Logo depois de assistir ao filme Fome de viver, de Tony Scott, clássico cult dos anos 80, que chama a atenção pelo visual sombrio e pela abordagem neogótica bastante original do vampirismo, tomei conhecimento do romance que inspirou essa produção, um livro bastante raro atualmente (uma vez que teve apenas duas edições, ambas publicadas no Brasil no início da década de 1980). Depois de muito procurar, finalmente encontrei um exemplar e pude mergulhar na atmosfera desse magnífico drama gótico.
A história gira em torno de Miriam Blaylock, uma vampira com muitos séculos de vida. Já aqui começa a originalidade do livro de Strieber: sua vampira não queima ao sol, não possui presas, não dorme em caixões nem se transforma em morcego. Na verdade, a própria palavra “vampiro” não é mencionada em nenhum momento no livro; esta é uma constatação a que se chega devido às características essenciais do vampirismo clássico: a imortalidade e a fome de sangue.

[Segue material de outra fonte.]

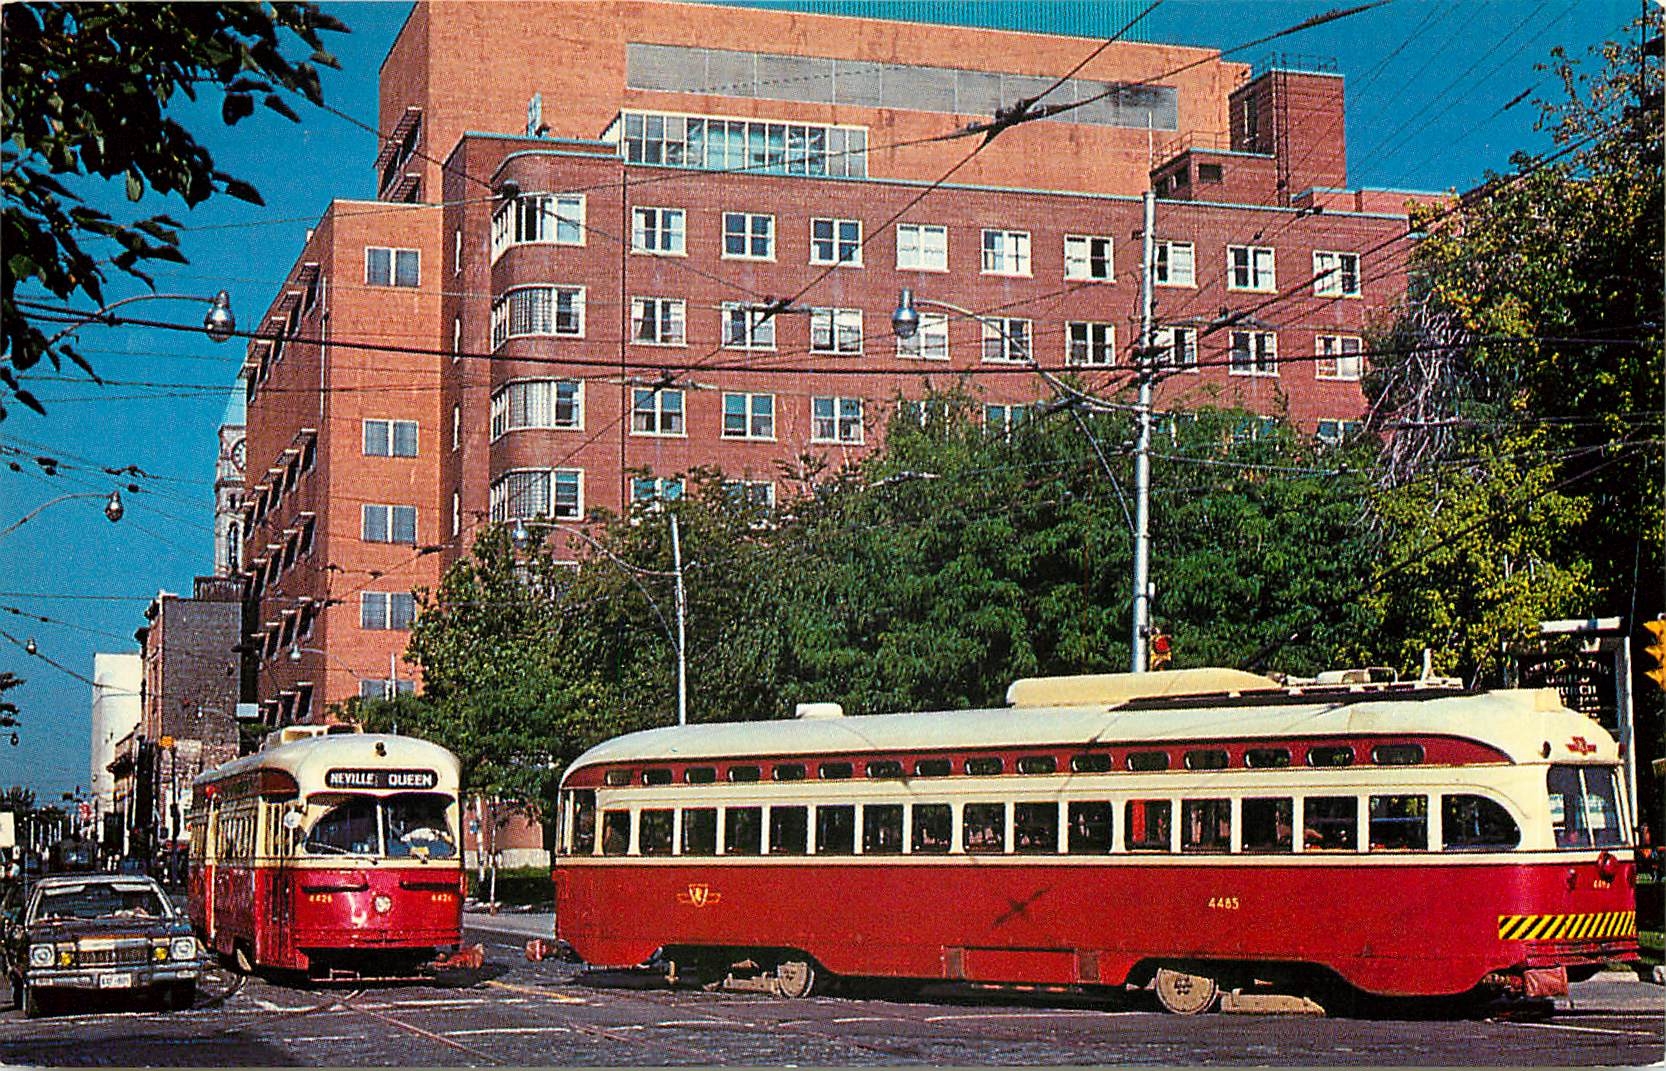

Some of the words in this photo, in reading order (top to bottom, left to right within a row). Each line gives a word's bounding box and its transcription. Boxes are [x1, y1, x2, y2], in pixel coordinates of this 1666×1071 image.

[330, 772, 374, 786] NEVILLE
[388, 773, 432, 787] QUEEN
[1208, 897, 1239, 910] 4485
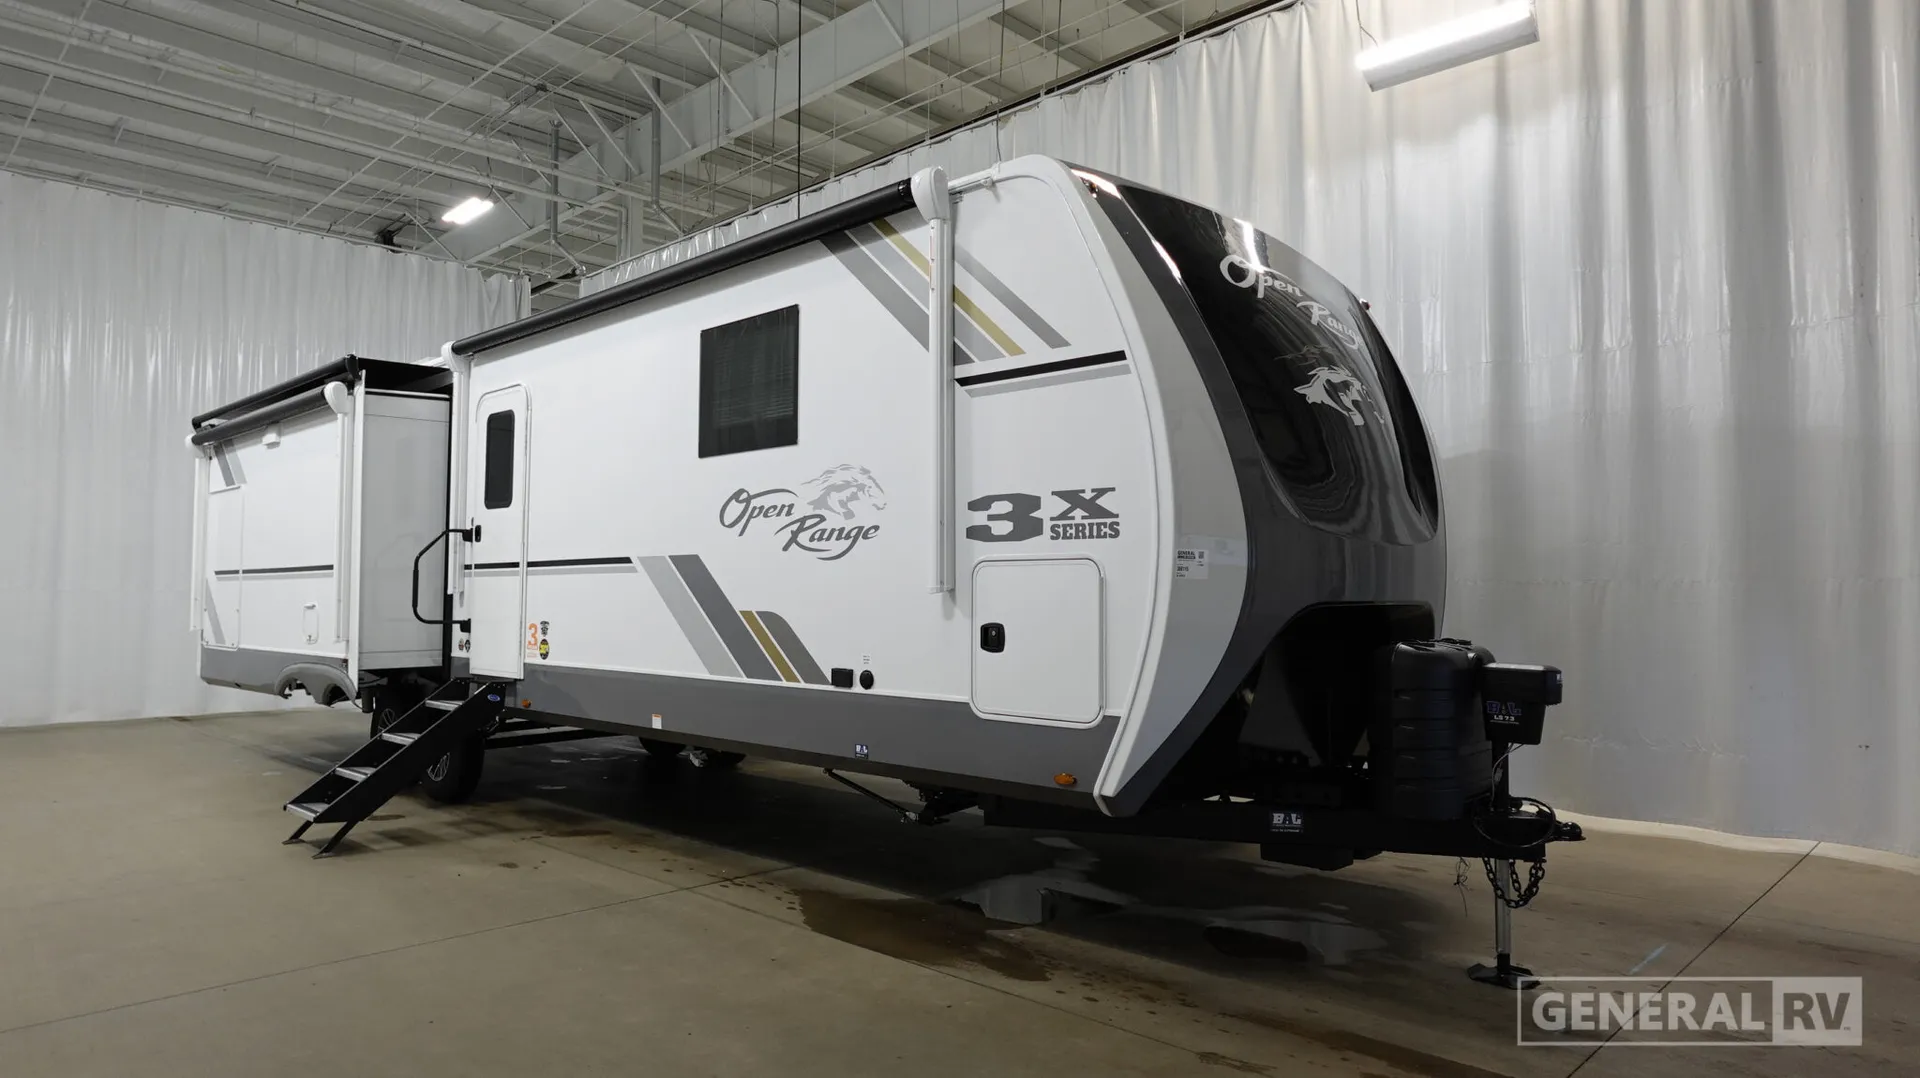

          Miriam é uma criatura extremamente solitária; os seres da sua espécie estão quase extintos e só podem se multiplicar através da reprodução entre indivíduos dessa espécie. Assim sendo, Miriam sobrevive à passagem dos séculos tendo vários amantes humanos com os quais compartilha sangue; eles não se tornam vampiros, mas seres híbridos, que podem viver por séculos, mas com a mesma necessidade de sangue humano que os vampiros. Contudo, esses amantes têm “prazo de validade”: passados alguns séculos, sucumbem ao peso do tempo, envelhecendo em poucos dias o que deviam ter envelhecido em décadas. Transformam-se em cadáveres conscientes (literalmente, mortos-vivos) que Miriam “guarda” em baús por toda a eternidade, à medida que vai substituindo-os por amantes jovens.
          Preocupada com esse ciclo interminável de trocas de amantes devido ao poder implacável do tempo, Miriam toma conhecimento do trabalho da Dra. Sarah Roberts, especialista em envelhecimento. A clínica em que Sarah trabalha está realizando experimentos sobre longevidade e a influência de Miriam altera radicalmente os rumos dessas experiências, criando um vínculo de sangue premeditado entre Miriam e Sarah, com desdobramentos trágicos.
          Fome de viver é um poderoso romance gótico, excepcionalmente bem elaborado. A abordagem vampiresca (dado que sou fã dessa temática) surpreendeu-me bastante. O modo como o vampirismo é retratado é tão realista e natural que se torna crível, não sobrenatural ou mitológico. Ainda que os vampiros tenham ressuscitado como modismo adolescente, o livro de Whitley Strieber apresenta conceitos fascinantes e criativos acerca de tais seres. Não há puritanismo ou crises existenciais sobre o valor das vidas humanas tiradas. Ao invés disso há a frieza e crueldade instintivas da “espécie” e o forte apelo sexual (inclusive com descrições eróticas de muito bom gosto). A Fome de viver fala mais alto do que remorsos ou culpas, limitações ou receios. Enfim, uma obra pulsante, sombria, sensual e alucinadamente sangrenta: um relato impecável do poder e fascínio vampirescos.